Mais qu’est-ce qui est indiqué, par ce surplus qui nous force à poétiser en présence de certaines personnes ? Il suffit d’examiner l’idée de  » n’être pas sans savoir  » pour répondre à cette question – puisqu’une métaphore ne nous laisse pas sans savoir bien qu’elle s’inscrive expressément à l’encontre du savoir dont le concept est toujours la forme suffisante. Je dirai qu’à chaque fois je reconnais une promesse c’est-à-dire un temps comme avenir et pas simplement comme futur (seules les choses ont un futur – de sorte que la trahison de soi consiste bien à porter atteinte au surplus métaphorique dont les autres prendront éventuellement acte, pour convertir par le savoir de soi-même l’avenir en futur).

Les analyses que j’ai proposée de la promesse répondent, il me semble, à la nécessité de reconnaître à la sincérité une dimension subjective. Le refus de recourir à la conscience oblige à la reconnaître en termes de position – position qui est toujours position de soi relativement au savoir et à l’existence, ainsi qu’à leur extériorité pensable sous le nom de vérité.
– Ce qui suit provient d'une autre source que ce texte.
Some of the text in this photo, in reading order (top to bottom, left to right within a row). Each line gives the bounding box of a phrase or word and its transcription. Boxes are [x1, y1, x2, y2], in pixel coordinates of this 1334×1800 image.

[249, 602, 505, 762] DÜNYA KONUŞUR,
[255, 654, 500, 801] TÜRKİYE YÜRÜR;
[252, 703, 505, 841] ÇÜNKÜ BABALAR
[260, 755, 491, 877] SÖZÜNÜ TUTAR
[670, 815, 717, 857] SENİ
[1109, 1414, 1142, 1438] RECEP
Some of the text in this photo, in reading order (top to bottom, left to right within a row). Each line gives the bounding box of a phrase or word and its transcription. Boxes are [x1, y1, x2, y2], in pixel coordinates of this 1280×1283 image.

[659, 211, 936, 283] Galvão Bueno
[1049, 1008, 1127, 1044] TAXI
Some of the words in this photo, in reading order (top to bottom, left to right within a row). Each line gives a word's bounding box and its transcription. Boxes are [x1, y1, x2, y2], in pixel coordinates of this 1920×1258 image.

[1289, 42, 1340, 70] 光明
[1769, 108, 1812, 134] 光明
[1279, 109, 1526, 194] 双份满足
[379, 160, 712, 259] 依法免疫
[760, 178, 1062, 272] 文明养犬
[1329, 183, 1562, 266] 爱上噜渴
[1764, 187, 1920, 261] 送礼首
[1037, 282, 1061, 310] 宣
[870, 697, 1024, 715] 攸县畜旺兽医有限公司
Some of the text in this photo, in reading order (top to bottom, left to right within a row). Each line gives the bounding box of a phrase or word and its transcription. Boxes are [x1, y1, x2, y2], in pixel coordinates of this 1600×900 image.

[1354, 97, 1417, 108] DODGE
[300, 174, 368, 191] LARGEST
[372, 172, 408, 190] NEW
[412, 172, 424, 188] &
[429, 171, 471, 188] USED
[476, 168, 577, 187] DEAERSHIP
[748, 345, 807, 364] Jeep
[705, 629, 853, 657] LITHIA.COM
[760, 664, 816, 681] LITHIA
Je dirai d’abord des sincères qu’il sont  » exposés  » au sens où Lévinas parle de l’exposition du visage. Depuis cette reconnaissance, ma thèse est qu’ils ont personnellementvaleur d’origine et qu’on prend involontairement acte de cela en produisant un surplus poétique dont aucun concept, pourtant équivalent, n’est autorisé à rendre compte. En effet, ceux qui ne sont pas exposés (les gens normaux c’est-à-dire les semblables) supposent toujours l’origine puisqu’ils relèvent d’un savoir qu’ils exemplifient et particularisent, alors que les sincères n’exemplifient rien : en eux et par eux, le savoir ne compte pas – et c’est seulement par un effort de réflexion analogue à celui qui nous fait parfois convertir un visage en figure, qu’on peut les situer à l’intérieur d’un temps de la compréhension mondaine. Ce temps mondain est exclusif de la vérité, puisqu’il est celui de la nécessité que chaque vivant est pour lui-même. Or cette définition négative de la vérité répond exactement à la définition quasi-positive que nous donne le surplus de la métaphore, qui est toujours extérieur au savoir bien qu’il ne nous laisse jamais sans savoir. Autrement dit les sincères, d’une certaine manière, donnent le monde parce qu’ils en ouvrent la temporalité. C’est en ce sens qu’ils me semblent avoir personnellement valeur d’origine, et la suite de mon exposé va consister à développer cette idée.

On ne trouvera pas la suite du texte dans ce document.